> _What to produce_:
Excerpt from the entries below: please repeat exactly the lines from the one containing "Some of the text" through the last one, both ends included, with no pictures.

Referring expression grounding data:
──────

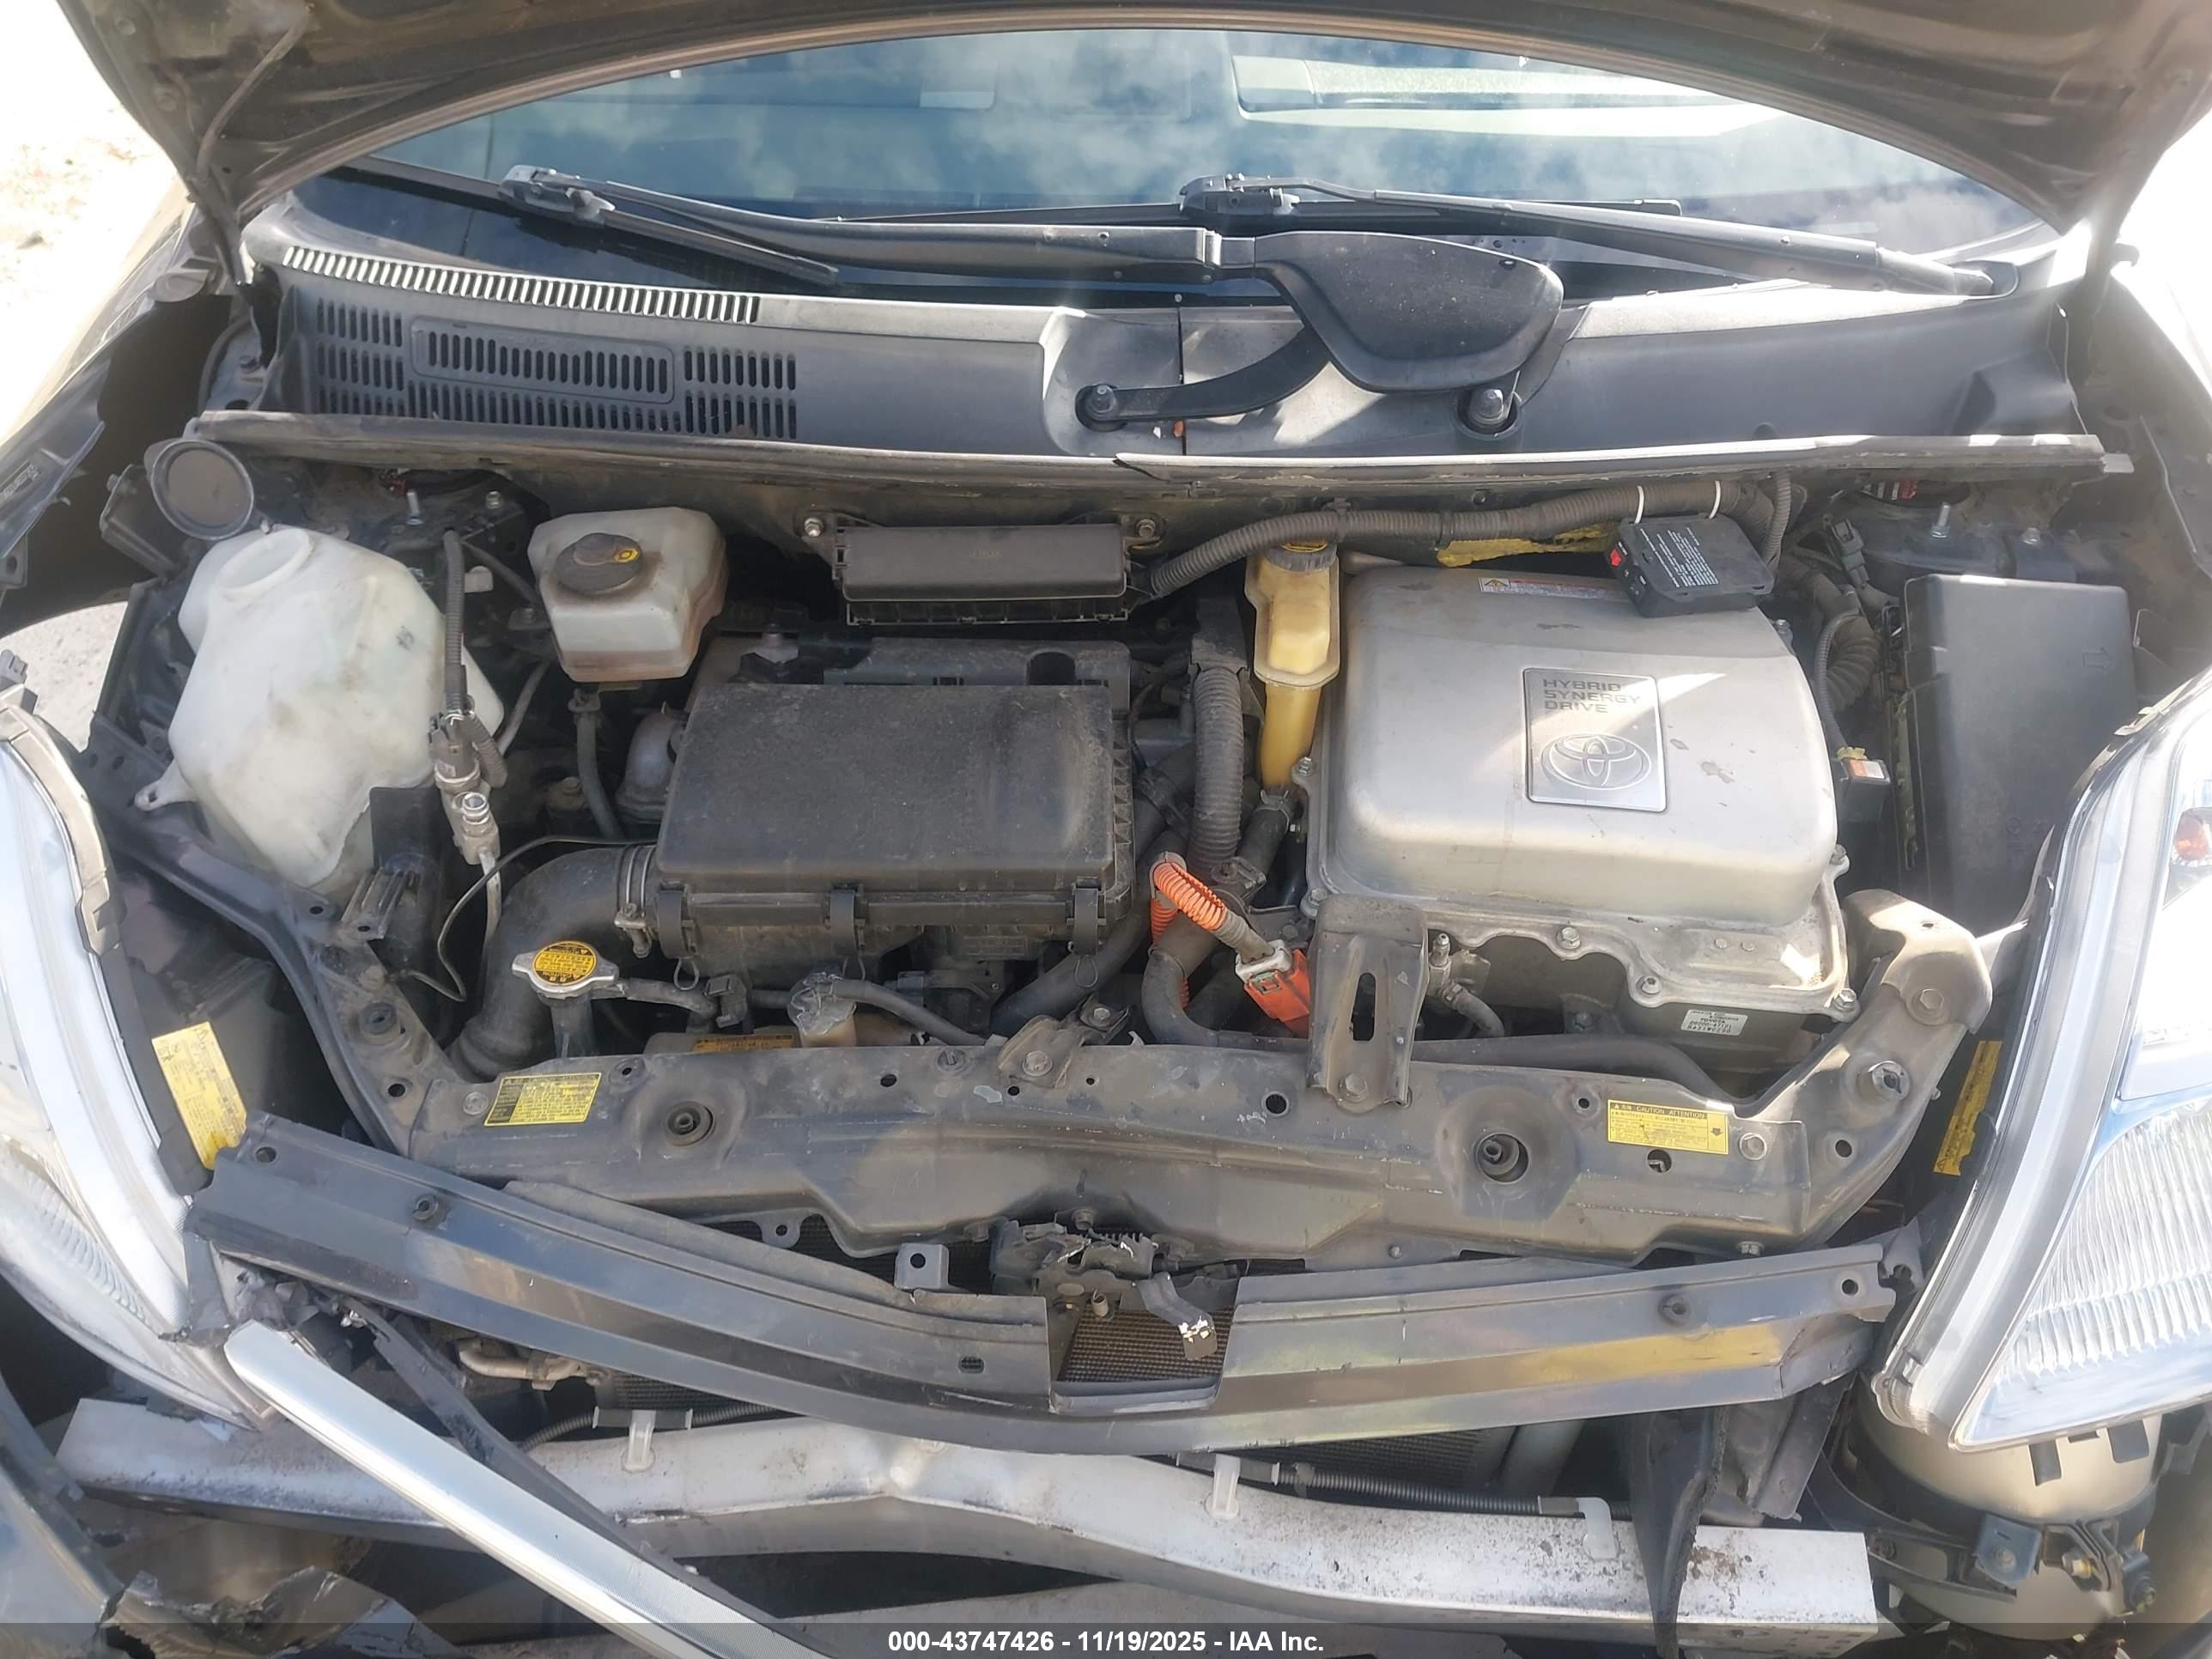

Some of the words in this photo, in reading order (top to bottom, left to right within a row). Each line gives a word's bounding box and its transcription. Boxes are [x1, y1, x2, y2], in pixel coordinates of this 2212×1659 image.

[1543, 679, 1621, 692] HYBRID
[1544, 690, 1641, 704] SYNERGY
[1544, 701, 1607, 714] DRIVE
[1636, 1105, 1665, 1115] CAUTION
[1668, 1110, 1705, 1119] ATTENTION
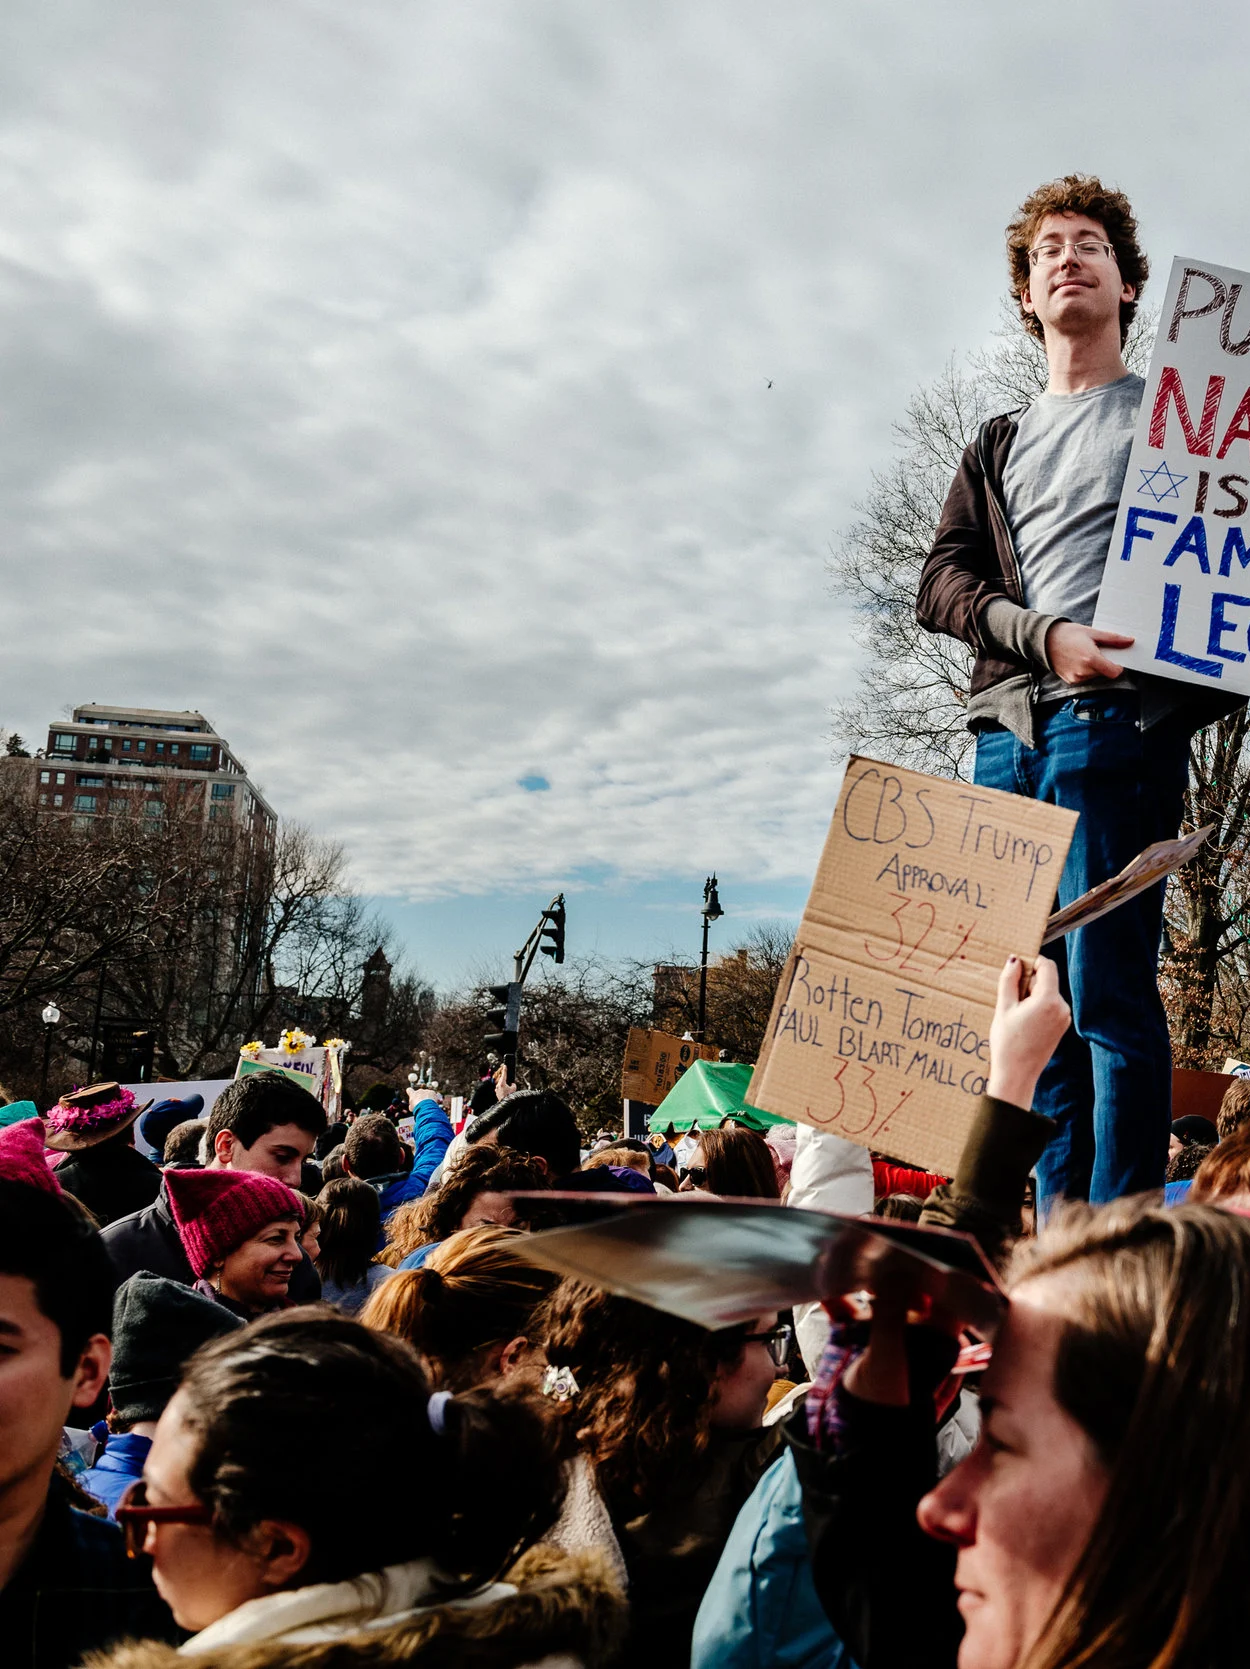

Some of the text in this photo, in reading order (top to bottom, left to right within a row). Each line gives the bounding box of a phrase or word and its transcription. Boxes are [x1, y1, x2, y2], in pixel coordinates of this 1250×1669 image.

[1194, 471, 1249, 519] IS
[844, 768, 1053, 902] CBS Trump
[864, 892, 978, 974] 32%
[774, 1004, 823, 1047] PAUL
[837, 1026, 906, 1067] BLART
[905, 1053, 958, 1087] MALL
[786, 955, 990, 1062] Rotten Tomatoe
[806, 1055, 914, 1137] 33%
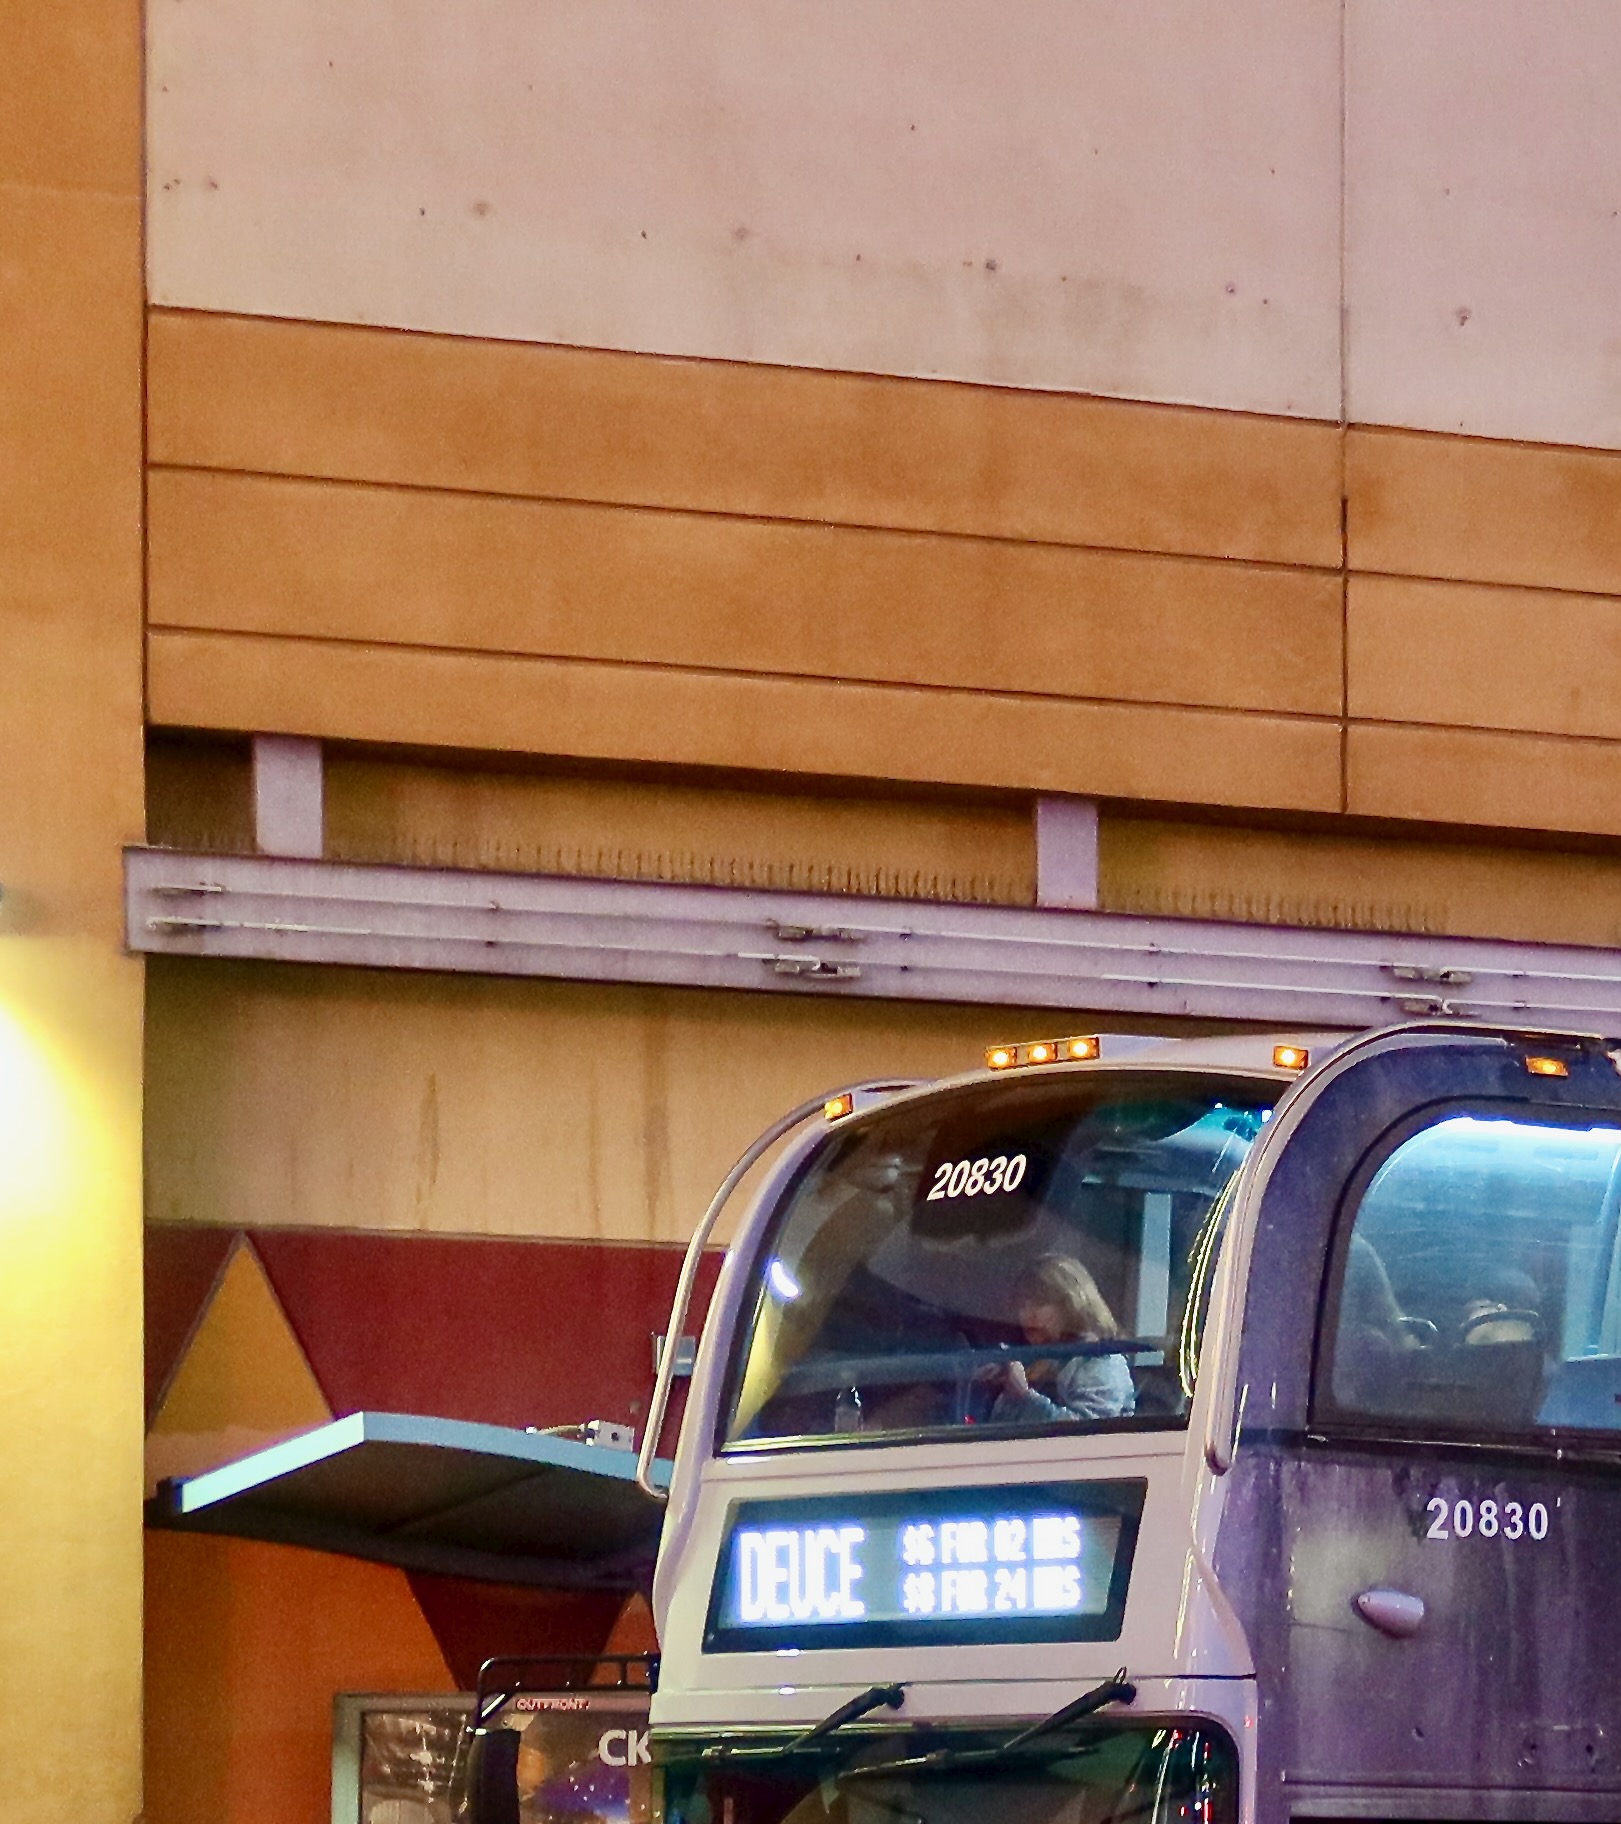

──────

> _Task output_:
Some of the text in this photo, in reading order (top to bottom, left to right within a row). Each line gives the bounding box of a phrase or word and its transcription. Boxes are [x1, y1, x2, y2], in pixel coordinates of this 1250×1669 image.

[1194, 471, 1249, 519] IS
[844, 768, 1053, 902] CBS Trump
[864, 892, 978, 974] 32%
[774, 1004, 823, 1047] PAUL
[837, 1026, 906, 1067] BLART
[905, 1053, 958, 1087] MALL
[786, 955, 990, 1062] Rotten Tomatoe
[806, 1055, 914, 1137] 33%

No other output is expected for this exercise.